Glencairn Museum News | Number 1, 2016
This square panel of medieval stained glass—portraying the Holy Family journeying to Egypt to escape the massacre ordered by King Herod (Matthew 2:13-15)—may be the most famous work of art in Glencairn Museum. It is highlighted on the museum web site; it has appeared on a UNICEF Christmas card; it is afforded a lavish full-page illustration in a recent French book on the Abbey Church of Saint-Denis; it is featured in a popular art history survey text book used in colleges across the U.S.A. There is a good reason for its fame. The Pitcairn Flight into Egypt is the best preserved surviving panel from one of the principal stained-glass windows of the first Gothic structure: Abbot Suger’s reconstruction of the choir of the Abbey Church at Saint-Denis between 1140 and 1144. The panel also has a rich history, modern as well as medieval, local as well as foreign.

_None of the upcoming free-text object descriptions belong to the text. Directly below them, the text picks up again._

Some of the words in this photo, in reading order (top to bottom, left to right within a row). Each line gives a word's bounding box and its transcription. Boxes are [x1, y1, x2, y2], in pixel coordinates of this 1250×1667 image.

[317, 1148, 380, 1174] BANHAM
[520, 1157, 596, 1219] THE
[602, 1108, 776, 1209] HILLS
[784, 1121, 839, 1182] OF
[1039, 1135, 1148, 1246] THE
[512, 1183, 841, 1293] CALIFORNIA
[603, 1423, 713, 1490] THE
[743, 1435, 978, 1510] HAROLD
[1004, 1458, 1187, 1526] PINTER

Acquired by Raymond Pitcairn
Raymond Pitcairn’s purchase of the Flight into Egypt from the Belgian art dealer Lucien Demotte (1906-1934) in 1930 is well documented through an exchange of letters preserved in the collection files at the museum. On December 5, 1929, the panel arrived on approval at Glencairn from Demotte’s New York gallery, described as 12th-century French stained glass, with Saint-Denis only vaguely suggested as a possible provenance. Pitcairn wrote that he thought the style of the panel was closer to Sens or Poitiers, but Demotte replied in a letter dated December 26th that “The Flight into Egypt is closer to St. Denis than to Chartres or Le Mans or to any other place I know—you find the same blue in some panels at St. Denis—only in two or three.” In the correspondence that follows, Demotte continues to argue that the Flight was from Saint-Denis because of the painting style, and because of the nature of the blue glass. In January of 1930, Pitcairn agreed to purchase the panel for $65,000, a considerable savings over the original price of $200,000 cited when the panel arrived on approval, but still a significant amount of money in 1930. The following year Demotte wrote an article on “The Pitcairn Collection” for the art magazine Formes (published both in French and in English) in which an illustration of the Pitcairn Flight into Egypt was published for the first time.

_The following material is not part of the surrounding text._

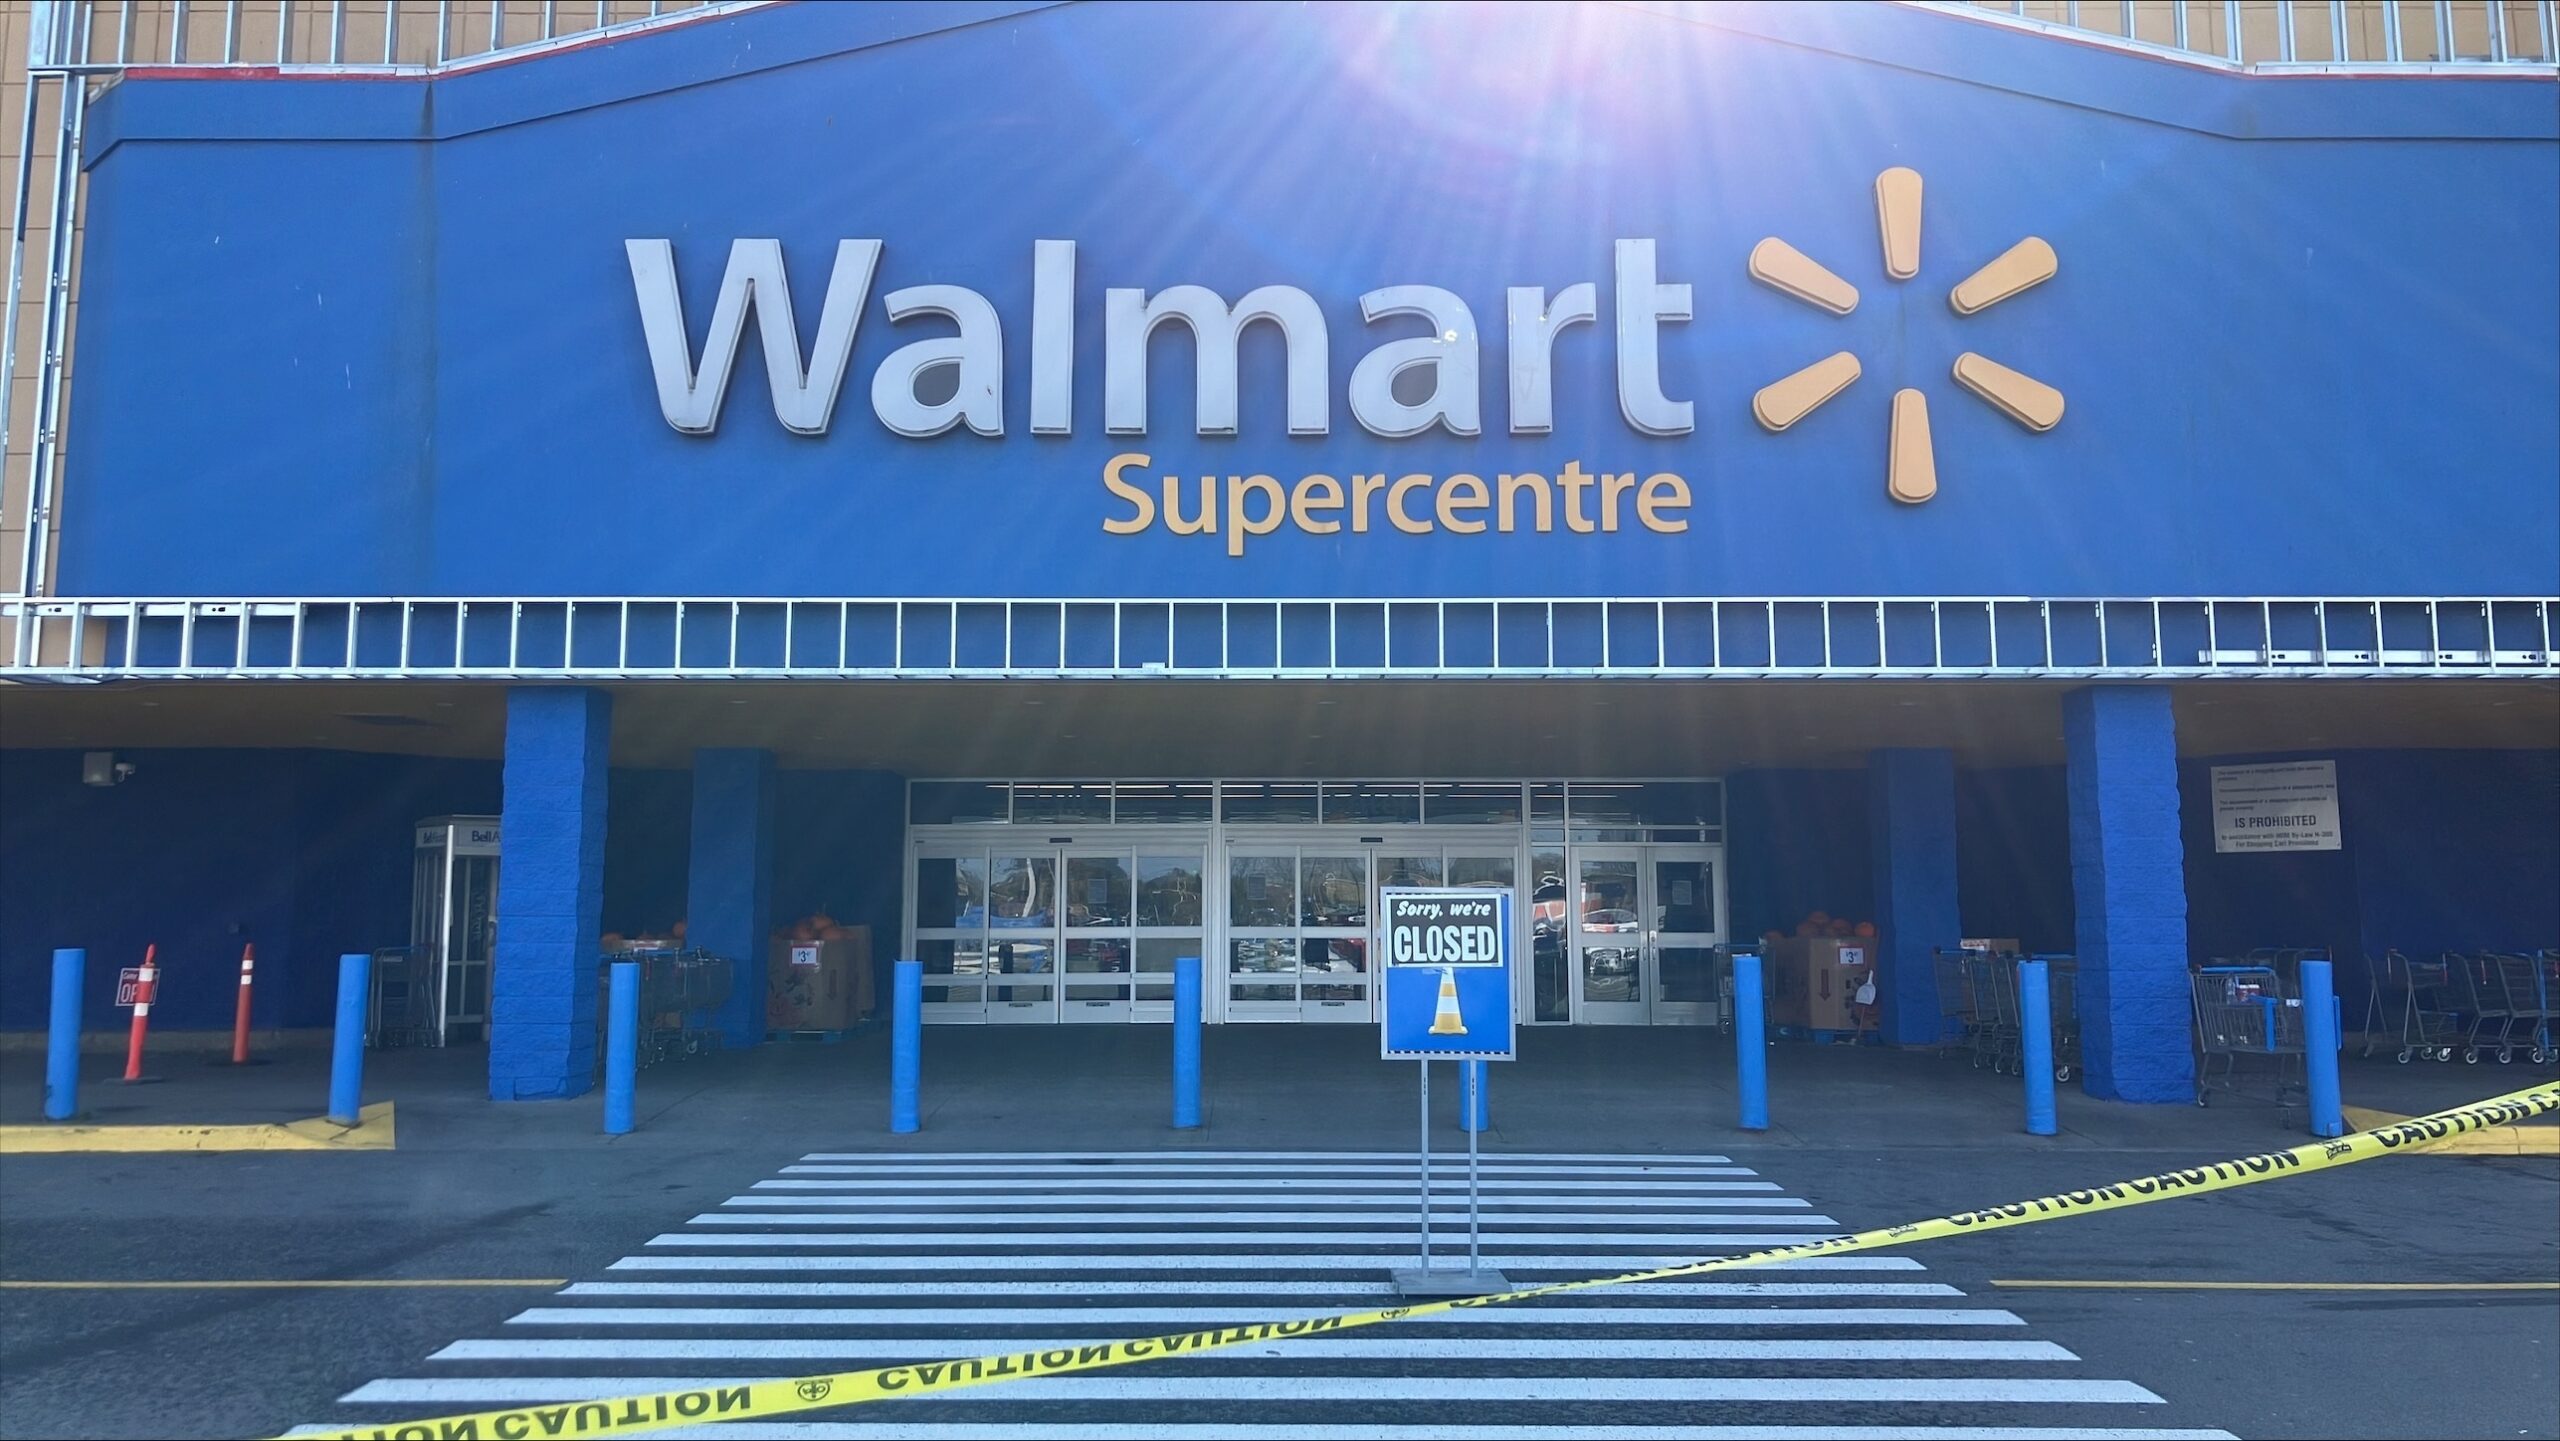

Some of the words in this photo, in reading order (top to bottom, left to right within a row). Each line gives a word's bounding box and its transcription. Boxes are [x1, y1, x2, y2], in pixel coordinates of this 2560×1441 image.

Early Art Historical Evaluation
Since Formes was not read regularly by research art historians, and since Raymond Pitcairn’s growing collection of medieval stained glass was private and essentially unavailable to scholars, it would be decades before this Flight into Egypt entered into art historical discussions on the medieval stained glass of Saint-Denis. Louis Grodecki (1910-1982), considered one of the founding fathers of modern stained-glass studies, was one of the specialists asked to evaluate Raymond Pitcairn’s stained-glass collection at the time of the collector’s death in 1966. Grodecki was provided with small black and white photographs of each panel in the collection, and it was probably during the study of these pictures (he never examined the panels themselves) that he saw the Pitcairn Flight into Egypt for the first time. Grodecki was the foremost authority on the 12th-century stained glass of Saint-Denis, and in 1960 he had published an article on Suger’s Infancy of Christ window that assessed its design and iconography.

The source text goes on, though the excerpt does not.